Twenty pts were evaluable for response, all had CR (100%) and 18 (95%) uMRD-6. The median time to best response was 53 days. 1 pt was inevaluable for response (death during ven escalation due to multi-organ failure that was unrelated to treatment); 4 pts are pending response assessment. No pt at the time of submission has had disease progression on study. Two deaths occurred during treatment. One patient in a CMR died due to treatment related sepsis after C3 and multi-organ failure during C1. Median follow-up among survivors was 7.1 month (range 0.7-21). The PFS and OS at 6 months was 90% (95% CI: 64%-97%). DOR at 6 months was 95% (95% CI: 68%-99%).
Conclusions: Herein we report the 1st known study to evaluate the efficacy and safety of the bispecific antibody glofit in a 1L high-risk MCL patient population. Data thus far after the completion of the 1st stage of the study indicates that CRS associated with glofit can be mitigated using targeted therapies as a debulking strategy.

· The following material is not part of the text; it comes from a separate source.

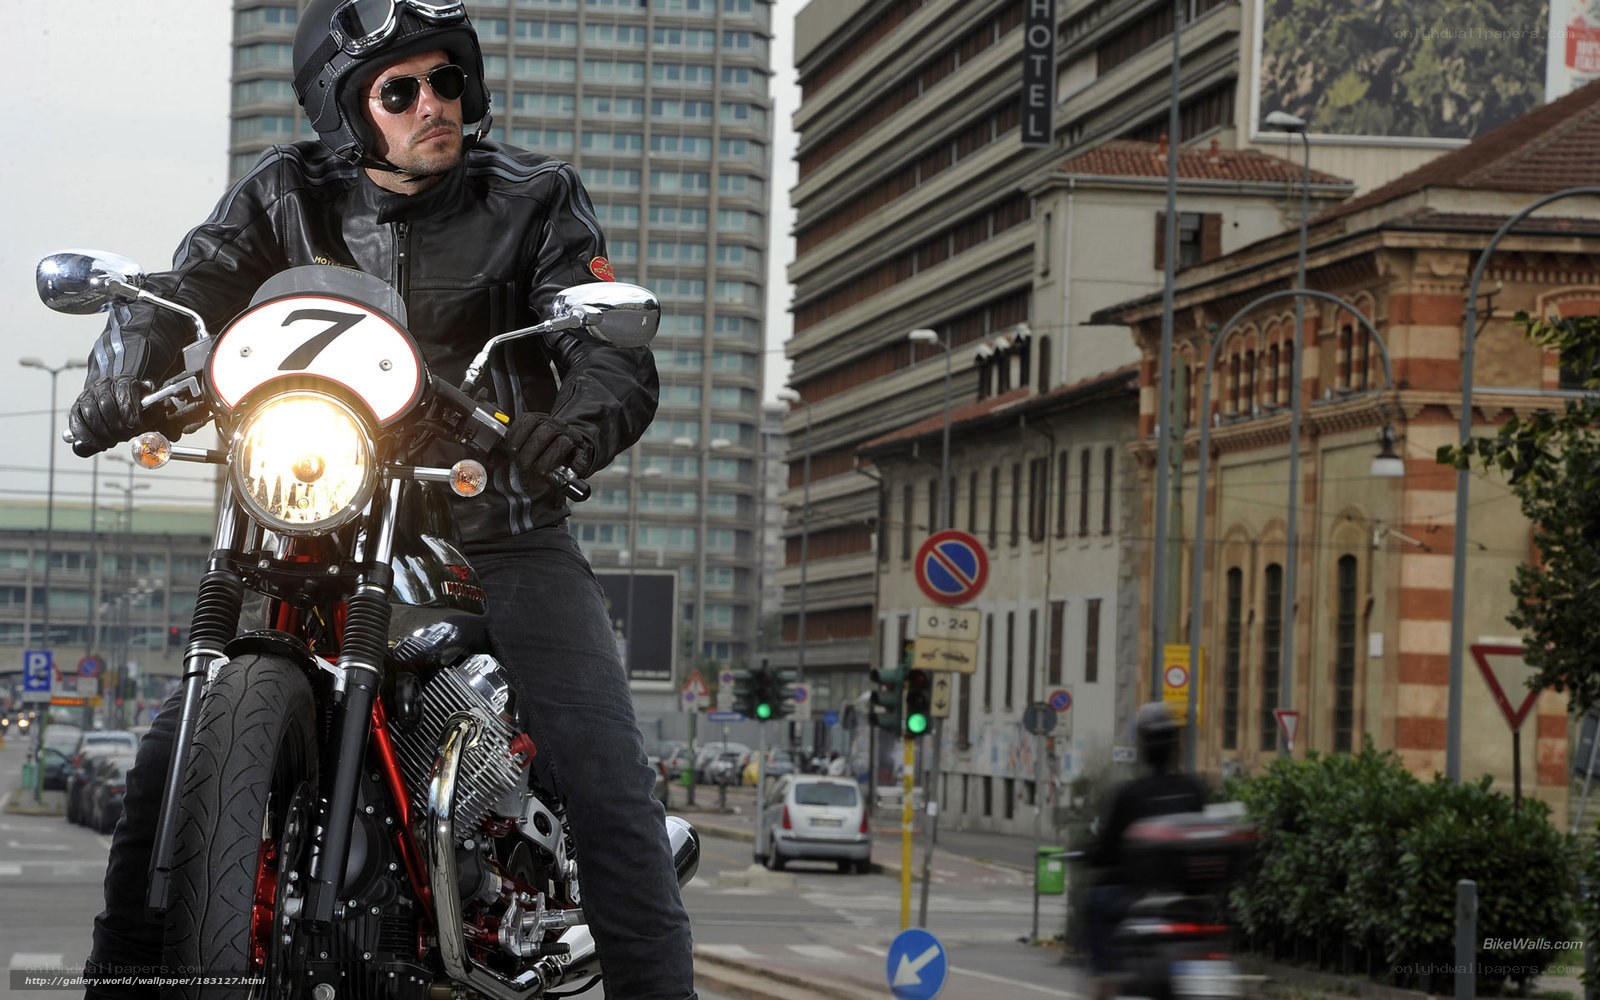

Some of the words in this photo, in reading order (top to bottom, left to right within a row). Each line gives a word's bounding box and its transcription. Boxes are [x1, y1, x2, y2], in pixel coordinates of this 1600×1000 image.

This is evident with the modest rates of CRS noted in the pt treated to date, with only one gr 3 event and no CRS events observed beyond SUD. Initial efficacy of this regimen is very promising with 100% CR rate and 95% uMRD-6. Median follow-up is short, the study remains open, and we will provide updated results of the study at the time of presentation.